Estádios vazios após a Copa do Mundo
Redação DM
Publicado em 26 de março de 2015 às 03:12 | Atualizado há 11 anosEly Assis Da editoria de Economia
Se alguém tinha dúvida da senhora Fifa (assim como a presidente Dilma chamou a corrupção de senhora idosa), nesta reportagem está claro a “cara” dela. Se ela fosse uma entidade séria, a altura da reputação que construiu ao longo dos anos, graças ao futebol, diga-se de passagem, com certeza não seria esta a postura da federação. Ao invés de zombarias dos cartolas, como eles disseram nesta reportagem: “o problema é de vocês”, relativo aos estádios vazios.

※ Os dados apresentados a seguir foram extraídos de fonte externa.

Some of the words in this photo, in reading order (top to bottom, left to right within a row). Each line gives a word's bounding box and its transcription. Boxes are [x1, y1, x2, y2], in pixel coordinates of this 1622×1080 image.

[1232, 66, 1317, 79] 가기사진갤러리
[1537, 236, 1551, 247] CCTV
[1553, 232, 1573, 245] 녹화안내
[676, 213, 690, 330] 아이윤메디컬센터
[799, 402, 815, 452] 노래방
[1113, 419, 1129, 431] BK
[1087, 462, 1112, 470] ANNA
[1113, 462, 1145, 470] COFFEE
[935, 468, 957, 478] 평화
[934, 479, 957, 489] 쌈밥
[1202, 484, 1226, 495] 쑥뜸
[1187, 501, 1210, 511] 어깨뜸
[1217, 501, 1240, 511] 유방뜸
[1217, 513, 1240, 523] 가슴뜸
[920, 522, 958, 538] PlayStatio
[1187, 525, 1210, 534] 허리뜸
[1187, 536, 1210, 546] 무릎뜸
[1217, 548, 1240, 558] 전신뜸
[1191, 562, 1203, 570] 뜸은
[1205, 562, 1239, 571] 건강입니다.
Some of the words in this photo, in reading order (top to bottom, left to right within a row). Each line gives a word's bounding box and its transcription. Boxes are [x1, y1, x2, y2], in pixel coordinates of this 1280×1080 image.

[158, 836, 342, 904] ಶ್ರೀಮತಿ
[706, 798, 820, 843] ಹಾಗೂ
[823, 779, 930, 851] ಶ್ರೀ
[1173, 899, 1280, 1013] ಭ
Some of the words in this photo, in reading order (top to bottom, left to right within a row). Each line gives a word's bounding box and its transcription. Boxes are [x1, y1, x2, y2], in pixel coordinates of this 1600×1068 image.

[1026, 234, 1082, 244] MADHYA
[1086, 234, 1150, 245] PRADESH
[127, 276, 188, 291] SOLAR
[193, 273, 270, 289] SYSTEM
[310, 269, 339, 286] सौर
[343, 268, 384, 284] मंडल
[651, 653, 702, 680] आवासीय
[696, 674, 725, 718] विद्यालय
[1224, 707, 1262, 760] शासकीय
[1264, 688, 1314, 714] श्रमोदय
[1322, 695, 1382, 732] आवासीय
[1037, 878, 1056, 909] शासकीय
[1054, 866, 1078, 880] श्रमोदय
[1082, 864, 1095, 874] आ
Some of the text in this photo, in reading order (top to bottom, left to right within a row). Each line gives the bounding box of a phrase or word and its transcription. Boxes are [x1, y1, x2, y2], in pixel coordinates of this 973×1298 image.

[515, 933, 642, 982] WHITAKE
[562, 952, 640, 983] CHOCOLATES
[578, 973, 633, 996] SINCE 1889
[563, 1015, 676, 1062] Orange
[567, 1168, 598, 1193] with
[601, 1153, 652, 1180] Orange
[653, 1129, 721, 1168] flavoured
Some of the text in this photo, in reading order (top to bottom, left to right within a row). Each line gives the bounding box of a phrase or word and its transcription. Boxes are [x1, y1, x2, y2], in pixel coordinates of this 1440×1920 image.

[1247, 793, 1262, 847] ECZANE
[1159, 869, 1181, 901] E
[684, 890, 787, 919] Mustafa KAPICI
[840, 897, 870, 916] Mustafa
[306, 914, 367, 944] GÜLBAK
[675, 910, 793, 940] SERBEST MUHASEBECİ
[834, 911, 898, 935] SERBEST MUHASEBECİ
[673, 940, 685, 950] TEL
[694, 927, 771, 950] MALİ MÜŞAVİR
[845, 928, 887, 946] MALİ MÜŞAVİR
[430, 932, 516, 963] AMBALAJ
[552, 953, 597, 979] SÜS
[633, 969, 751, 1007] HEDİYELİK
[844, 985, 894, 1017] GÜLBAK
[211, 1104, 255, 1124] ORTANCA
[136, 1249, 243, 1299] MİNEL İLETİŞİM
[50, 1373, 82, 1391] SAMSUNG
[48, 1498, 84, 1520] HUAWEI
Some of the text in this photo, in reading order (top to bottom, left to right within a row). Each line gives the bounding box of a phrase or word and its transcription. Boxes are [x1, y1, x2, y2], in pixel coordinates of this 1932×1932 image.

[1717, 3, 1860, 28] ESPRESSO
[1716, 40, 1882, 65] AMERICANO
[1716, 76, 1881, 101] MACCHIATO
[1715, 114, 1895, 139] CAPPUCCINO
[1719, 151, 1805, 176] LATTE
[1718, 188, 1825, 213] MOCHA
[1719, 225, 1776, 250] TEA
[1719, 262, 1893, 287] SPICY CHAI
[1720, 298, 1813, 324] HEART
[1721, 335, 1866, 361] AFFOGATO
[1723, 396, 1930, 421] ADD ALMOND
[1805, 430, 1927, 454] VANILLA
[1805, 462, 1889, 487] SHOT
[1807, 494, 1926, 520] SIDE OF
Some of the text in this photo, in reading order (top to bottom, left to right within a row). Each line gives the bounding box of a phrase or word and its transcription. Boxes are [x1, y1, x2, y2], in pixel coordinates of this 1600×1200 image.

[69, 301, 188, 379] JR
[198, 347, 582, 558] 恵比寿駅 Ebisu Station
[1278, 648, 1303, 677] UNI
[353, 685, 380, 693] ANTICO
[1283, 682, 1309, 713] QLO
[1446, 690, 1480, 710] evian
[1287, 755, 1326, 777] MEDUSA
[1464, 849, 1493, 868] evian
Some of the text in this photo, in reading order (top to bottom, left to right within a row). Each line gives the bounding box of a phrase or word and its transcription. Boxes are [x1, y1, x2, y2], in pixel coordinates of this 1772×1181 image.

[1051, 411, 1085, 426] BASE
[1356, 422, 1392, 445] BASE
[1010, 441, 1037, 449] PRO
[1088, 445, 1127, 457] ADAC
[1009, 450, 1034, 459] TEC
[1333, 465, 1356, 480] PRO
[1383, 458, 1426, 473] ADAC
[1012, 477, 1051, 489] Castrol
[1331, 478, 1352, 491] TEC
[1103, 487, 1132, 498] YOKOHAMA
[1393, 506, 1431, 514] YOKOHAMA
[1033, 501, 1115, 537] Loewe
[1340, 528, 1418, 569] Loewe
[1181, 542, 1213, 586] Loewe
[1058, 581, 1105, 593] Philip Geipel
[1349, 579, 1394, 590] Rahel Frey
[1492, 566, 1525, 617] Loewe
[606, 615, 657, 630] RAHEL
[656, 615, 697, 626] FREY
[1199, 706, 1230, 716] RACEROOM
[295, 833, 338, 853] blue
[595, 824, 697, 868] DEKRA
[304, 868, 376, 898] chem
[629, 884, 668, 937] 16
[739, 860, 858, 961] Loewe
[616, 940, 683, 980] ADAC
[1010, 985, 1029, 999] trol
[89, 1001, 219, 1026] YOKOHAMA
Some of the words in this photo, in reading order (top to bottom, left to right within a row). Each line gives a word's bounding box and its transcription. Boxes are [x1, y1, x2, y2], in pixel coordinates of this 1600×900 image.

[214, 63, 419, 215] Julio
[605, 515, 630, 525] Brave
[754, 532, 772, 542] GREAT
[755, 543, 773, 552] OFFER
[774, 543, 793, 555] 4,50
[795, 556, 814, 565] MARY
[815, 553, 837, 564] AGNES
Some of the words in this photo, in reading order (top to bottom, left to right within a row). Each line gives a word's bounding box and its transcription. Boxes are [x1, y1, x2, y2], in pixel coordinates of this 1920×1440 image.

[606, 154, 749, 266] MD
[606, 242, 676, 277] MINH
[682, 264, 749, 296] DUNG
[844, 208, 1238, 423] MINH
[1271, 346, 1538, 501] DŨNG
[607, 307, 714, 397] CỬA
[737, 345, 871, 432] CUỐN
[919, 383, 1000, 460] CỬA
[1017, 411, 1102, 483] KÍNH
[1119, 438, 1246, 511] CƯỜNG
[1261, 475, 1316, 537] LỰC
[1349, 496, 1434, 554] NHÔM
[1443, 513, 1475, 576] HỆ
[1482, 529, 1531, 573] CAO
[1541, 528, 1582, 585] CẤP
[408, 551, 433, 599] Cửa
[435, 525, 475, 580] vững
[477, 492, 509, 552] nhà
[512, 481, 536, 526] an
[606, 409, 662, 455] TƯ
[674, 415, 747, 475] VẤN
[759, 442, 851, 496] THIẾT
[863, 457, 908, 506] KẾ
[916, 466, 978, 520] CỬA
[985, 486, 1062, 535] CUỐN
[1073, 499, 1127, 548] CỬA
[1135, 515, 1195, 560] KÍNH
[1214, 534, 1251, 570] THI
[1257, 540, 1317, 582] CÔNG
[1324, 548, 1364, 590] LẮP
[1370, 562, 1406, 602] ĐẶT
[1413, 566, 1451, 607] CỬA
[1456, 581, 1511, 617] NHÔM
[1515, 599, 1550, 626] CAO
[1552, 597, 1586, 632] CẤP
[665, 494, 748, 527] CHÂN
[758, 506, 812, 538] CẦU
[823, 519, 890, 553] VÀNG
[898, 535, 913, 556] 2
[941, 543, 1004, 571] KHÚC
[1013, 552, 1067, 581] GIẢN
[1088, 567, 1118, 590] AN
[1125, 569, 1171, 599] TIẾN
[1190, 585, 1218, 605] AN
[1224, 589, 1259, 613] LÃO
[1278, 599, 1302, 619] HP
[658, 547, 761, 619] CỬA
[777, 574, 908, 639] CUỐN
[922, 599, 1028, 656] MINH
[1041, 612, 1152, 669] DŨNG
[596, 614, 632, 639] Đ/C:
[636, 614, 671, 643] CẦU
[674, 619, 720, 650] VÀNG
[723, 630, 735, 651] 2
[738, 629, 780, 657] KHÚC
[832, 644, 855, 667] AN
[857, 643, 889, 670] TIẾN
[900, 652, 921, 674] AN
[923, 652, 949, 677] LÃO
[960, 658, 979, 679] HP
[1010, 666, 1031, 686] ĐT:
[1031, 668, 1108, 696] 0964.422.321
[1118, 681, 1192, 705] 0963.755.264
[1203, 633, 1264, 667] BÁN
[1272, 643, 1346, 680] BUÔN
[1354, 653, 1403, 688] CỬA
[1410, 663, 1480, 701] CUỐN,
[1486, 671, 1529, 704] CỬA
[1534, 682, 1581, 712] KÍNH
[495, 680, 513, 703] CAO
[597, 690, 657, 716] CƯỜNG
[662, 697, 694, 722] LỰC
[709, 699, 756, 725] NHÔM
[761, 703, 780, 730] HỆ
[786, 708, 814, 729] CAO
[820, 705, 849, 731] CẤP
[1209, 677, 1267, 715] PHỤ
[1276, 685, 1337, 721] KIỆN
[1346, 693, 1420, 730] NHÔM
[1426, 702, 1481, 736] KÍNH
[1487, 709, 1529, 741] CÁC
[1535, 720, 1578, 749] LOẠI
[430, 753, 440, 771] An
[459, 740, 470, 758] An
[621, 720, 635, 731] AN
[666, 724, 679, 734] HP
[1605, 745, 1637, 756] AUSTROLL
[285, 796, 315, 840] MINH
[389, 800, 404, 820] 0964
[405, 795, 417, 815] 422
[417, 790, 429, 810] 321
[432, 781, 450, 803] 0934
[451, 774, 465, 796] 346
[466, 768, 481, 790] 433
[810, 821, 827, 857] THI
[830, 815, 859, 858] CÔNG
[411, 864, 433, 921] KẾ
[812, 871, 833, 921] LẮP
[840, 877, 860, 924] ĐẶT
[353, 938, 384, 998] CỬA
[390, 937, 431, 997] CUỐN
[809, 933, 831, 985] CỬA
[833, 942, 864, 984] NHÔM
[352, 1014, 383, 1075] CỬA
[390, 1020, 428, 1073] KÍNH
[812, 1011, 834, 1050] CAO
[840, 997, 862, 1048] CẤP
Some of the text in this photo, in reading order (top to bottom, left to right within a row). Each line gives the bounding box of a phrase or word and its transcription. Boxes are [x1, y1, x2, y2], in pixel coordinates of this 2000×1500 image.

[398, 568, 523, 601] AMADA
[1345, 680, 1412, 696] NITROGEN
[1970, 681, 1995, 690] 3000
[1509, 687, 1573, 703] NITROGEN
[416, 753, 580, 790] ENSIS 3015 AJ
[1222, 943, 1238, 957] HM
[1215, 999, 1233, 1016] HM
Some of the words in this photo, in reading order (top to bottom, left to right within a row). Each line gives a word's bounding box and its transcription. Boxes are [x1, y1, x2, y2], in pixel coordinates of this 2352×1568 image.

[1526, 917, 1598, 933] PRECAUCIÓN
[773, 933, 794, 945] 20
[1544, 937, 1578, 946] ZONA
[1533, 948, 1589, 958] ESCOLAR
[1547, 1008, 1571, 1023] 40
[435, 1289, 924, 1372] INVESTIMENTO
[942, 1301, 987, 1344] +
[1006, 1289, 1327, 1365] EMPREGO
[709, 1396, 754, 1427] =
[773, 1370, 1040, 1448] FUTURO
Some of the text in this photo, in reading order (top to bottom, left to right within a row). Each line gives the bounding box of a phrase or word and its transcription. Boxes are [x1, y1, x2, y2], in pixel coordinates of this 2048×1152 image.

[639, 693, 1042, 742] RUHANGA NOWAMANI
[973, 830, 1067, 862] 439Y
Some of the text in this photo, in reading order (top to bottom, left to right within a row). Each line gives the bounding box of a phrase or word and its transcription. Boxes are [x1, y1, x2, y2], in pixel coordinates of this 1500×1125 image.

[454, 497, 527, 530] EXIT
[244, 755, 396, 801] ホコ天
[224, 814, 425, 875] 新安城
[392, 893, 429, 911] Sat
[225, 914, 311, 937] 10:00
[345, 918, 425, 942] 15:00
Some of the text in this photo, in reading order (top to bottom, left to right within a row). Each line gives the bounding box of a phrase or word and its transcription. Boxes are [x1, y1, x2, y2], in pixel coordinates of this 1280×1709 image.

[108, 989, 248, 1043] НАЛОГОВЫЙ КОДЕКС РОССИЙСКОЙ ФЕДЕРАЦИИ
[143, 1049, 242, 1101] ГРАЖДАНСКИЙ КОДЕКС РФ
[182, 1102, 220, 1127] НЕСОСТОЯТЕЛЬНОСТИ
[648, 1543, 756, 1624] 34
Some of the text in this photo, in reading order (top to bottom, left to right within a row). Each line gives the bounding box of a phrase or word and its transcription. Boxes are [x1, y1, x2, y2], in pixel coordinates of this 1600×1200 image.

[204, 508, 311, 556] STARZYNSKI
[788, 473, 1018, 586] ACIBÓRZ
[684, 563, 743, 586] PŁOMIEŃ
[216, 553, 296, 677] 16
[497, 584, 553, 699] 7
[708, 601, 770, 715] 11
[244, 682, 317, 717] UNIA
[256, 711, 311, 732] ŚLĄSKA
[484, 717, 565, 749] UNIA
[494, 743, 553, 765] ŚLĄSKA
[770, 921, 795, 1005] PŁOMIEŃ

Deveria ser o papel da Fifa promover uma parceria com o Brasil no sentido de fornecer o know-how que ela possui com estádios e eventos em geral, apoio logístico e o que mais ela puder. Ou seja, tudo… menos lavar as mãos e zombar do País.
Menos de um ano depois da Copa do Mundo, que rendeu um lucro recorde para a Fifa, a entidade não quer nem ouvir falar do Brasil. Nesta semana, a Fifa reuniu a sua cúpula em Zurique e, na agenda, apenas os mundiais de 2018, 2022 e 2026. Questionados pela reportagem, se haviam discutido os estádios vazios do Brasil, os cartolas foram claros: “Esse problema é de vocês”.
Para a Fifa, o Brasil de fato garantiu a “Copa das Copas”. A renda e os lucros bateram todos os recordes, como o jornal Estado de S.Paulo revelou na quinta-feira. No total, a receita chegou a quase R$ 16 bilhões e os lucros superaram a marca de R$ 8,3 bilhões. A copa foi o evento esportivo mais lucrativo da história.
Mas esta renda não voltou ao Brasil e apenas 2% da receita serão distribuídos em projetos sociais e de desenvolvimento do futebol no País. Enquanto isso, pelo menos seis dos 12 estádios estão com sérias dificuldades para se financiar, fecharam ou foram pegos no meio de escândalos de corrupção.
Para a Fifa, porém, esse é agora um problema do Brasil. Walter de Gregório, diretor de Comunicações da entidade e que percorreu o País antes da copa para convencer a todos de que o Mundial era um grande negócio, agora silencia quando questionado sobre o que fazer com os estádios vazios. “Não tratamos de Brasil”, afirmou.